1. The fundamentals of commodities are unimpaired even since the credit crunch and the deepening of the economic crisis. Farmers cannot get loans for fertilizer now. Minners cannot get loans to open new mines. Oil companies are delaying or cancelling projects for oil exploration and developments. So we are going to have some serious, serious supply problems before too much longer.
2. Again, the shipping industry will probably benefit from the widening of oil price contango (the future price is higher than the spot price), as investors might be in anticipation of profit from higher oil prices in the future and book the tankers with options to use them as storage facility. Therefore, the shipping cost will probably bottom up from their current low level.
3. Another interesting idea is to look at British Pound. Since reaching a 26-year high of $2.1161 in November 2007, the currency has dropped 30 percent. In the past two decades, the five major declines in the pound averaged about 22 percent from peak to trough against the dollar, according to data compiled by Bloomberg. it is possible that the pound’s recent 26 percent slide may be coming to an end. So be aware of any non-negative developments in the economy in the coming weeks, there might be signs for entering the long side of Pound.

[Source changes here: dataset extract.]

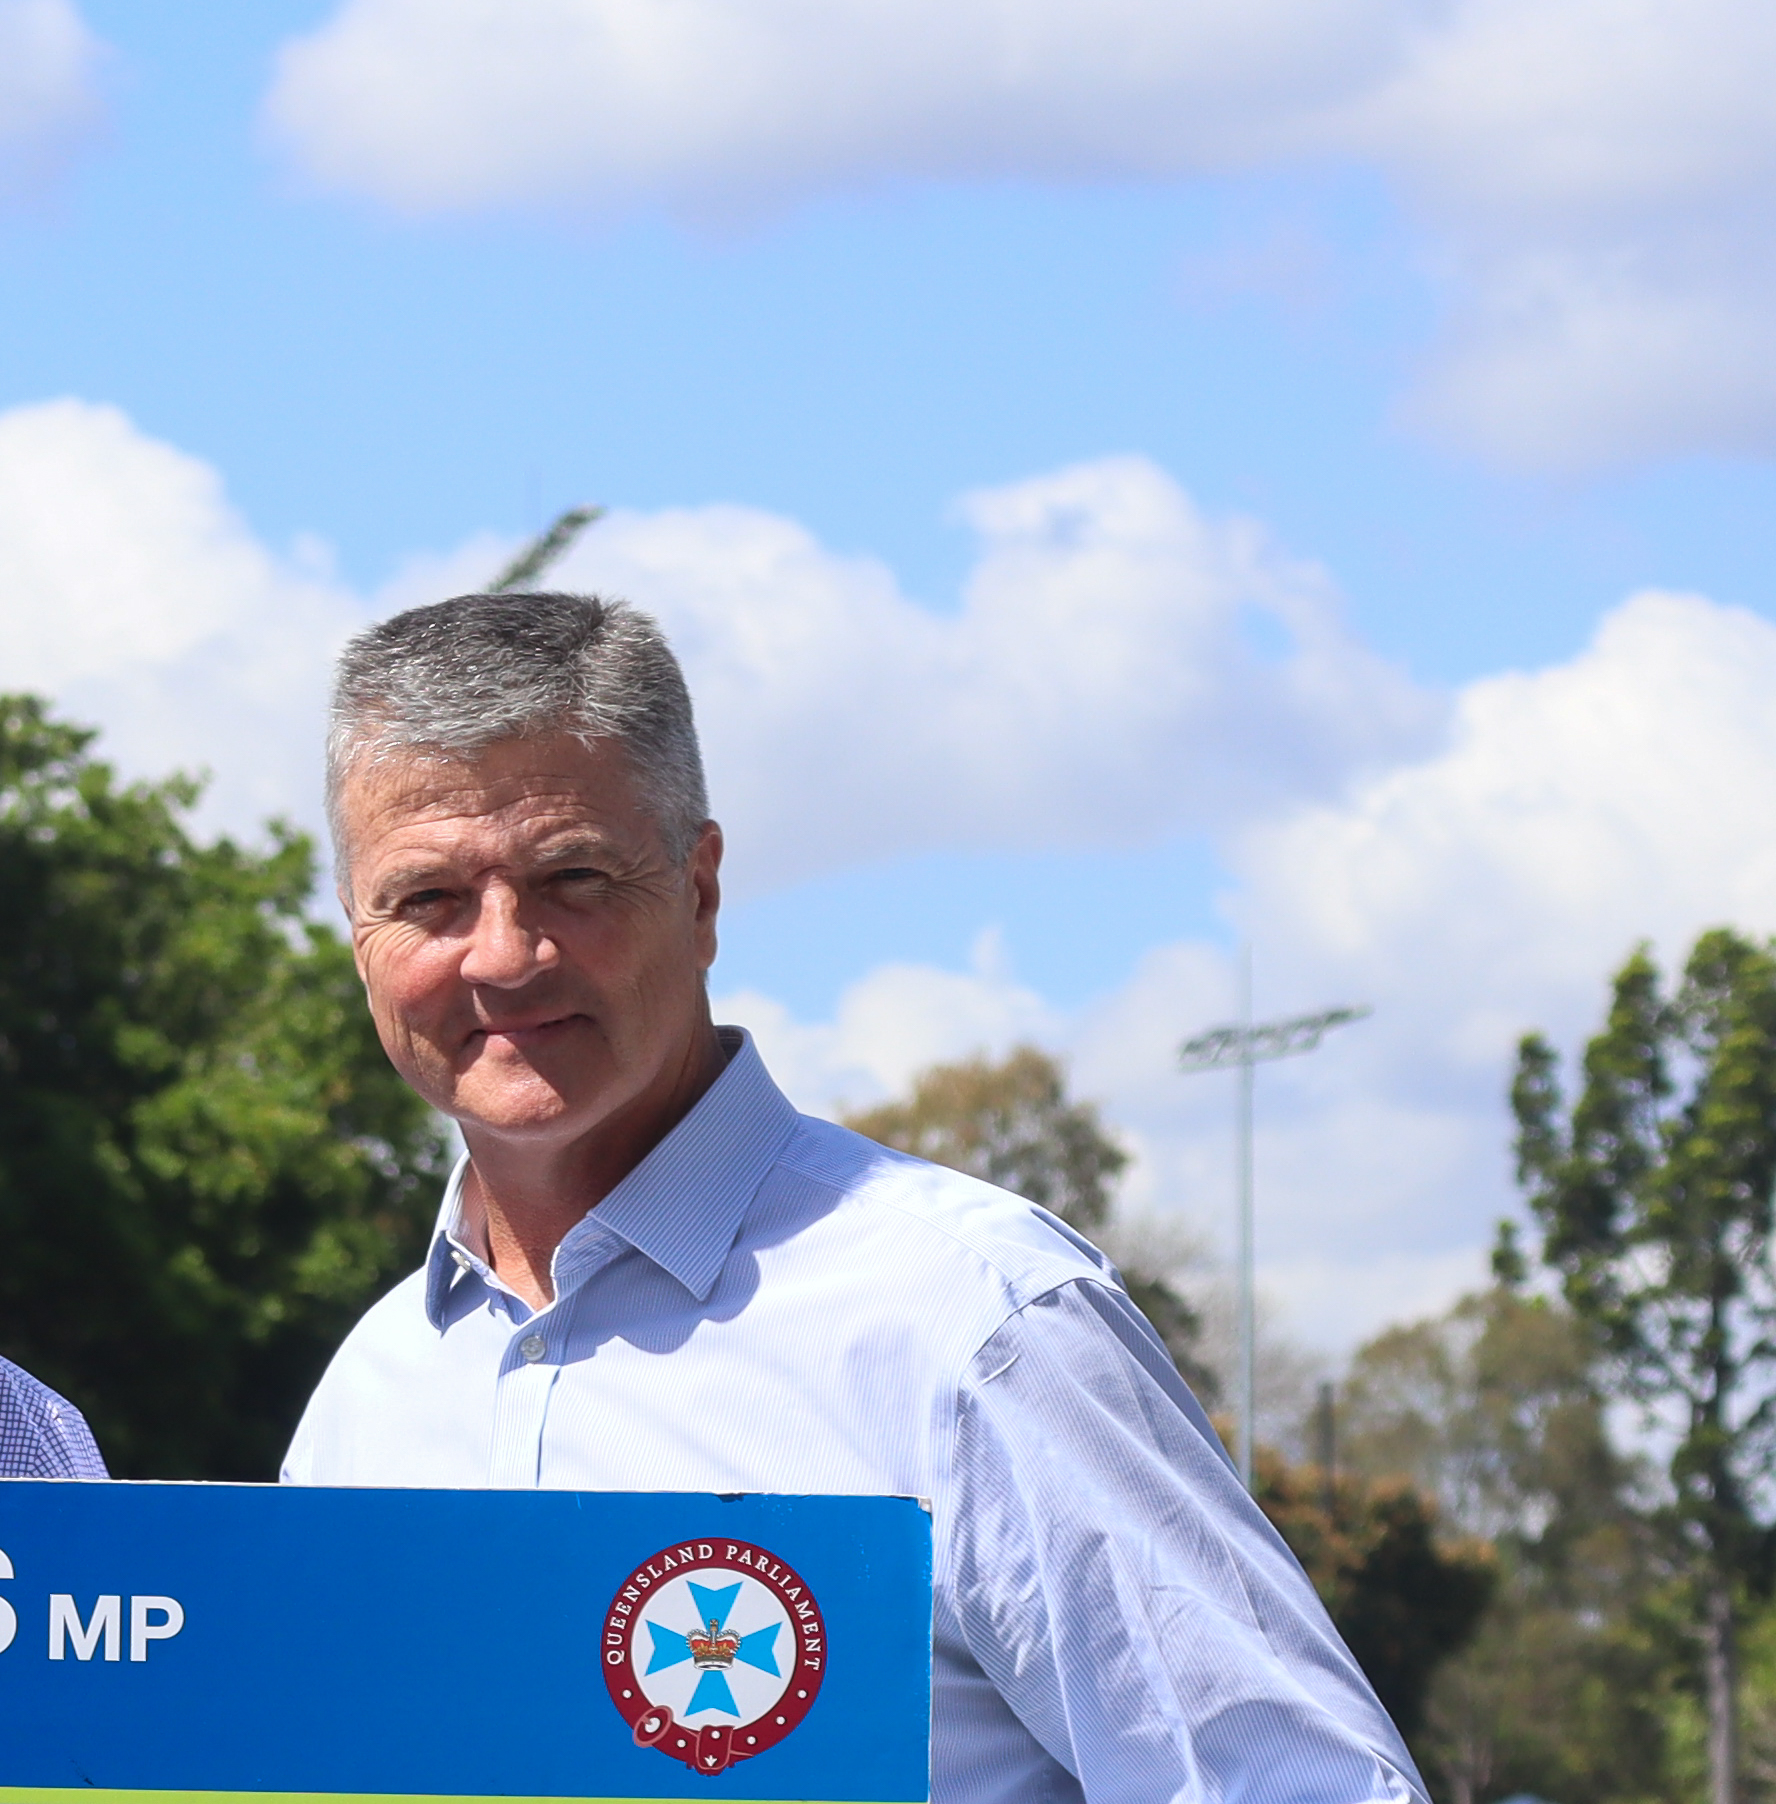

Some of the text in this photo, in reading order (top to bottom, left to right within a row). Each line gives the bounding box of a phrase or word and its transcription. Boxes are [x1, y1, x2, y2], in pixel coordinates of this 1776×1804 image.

[49, 1594, 184, 1662] MP
[607, 1544, 822, 1671] QUEENSLAND PARLIAMENT

4. The current crisis has exposed severe shortcomings in banks’ ability to cope with a drying up of liquidity, largely because their reserves were insufficient or held in debt instruments that proved impossible to sell when the market turned. In an effort to boost banks’ liquidity reserves, the regulators around the world would probably recommend a proportion of banks' assets should be in the form of highly liquid government bonds. This would have a far-reaching impact. as many institutions will need to significantly reshape their business model over the next few years as a result. Therefore, highly liquidity assets, especially government bonds will be better off as demands pick up.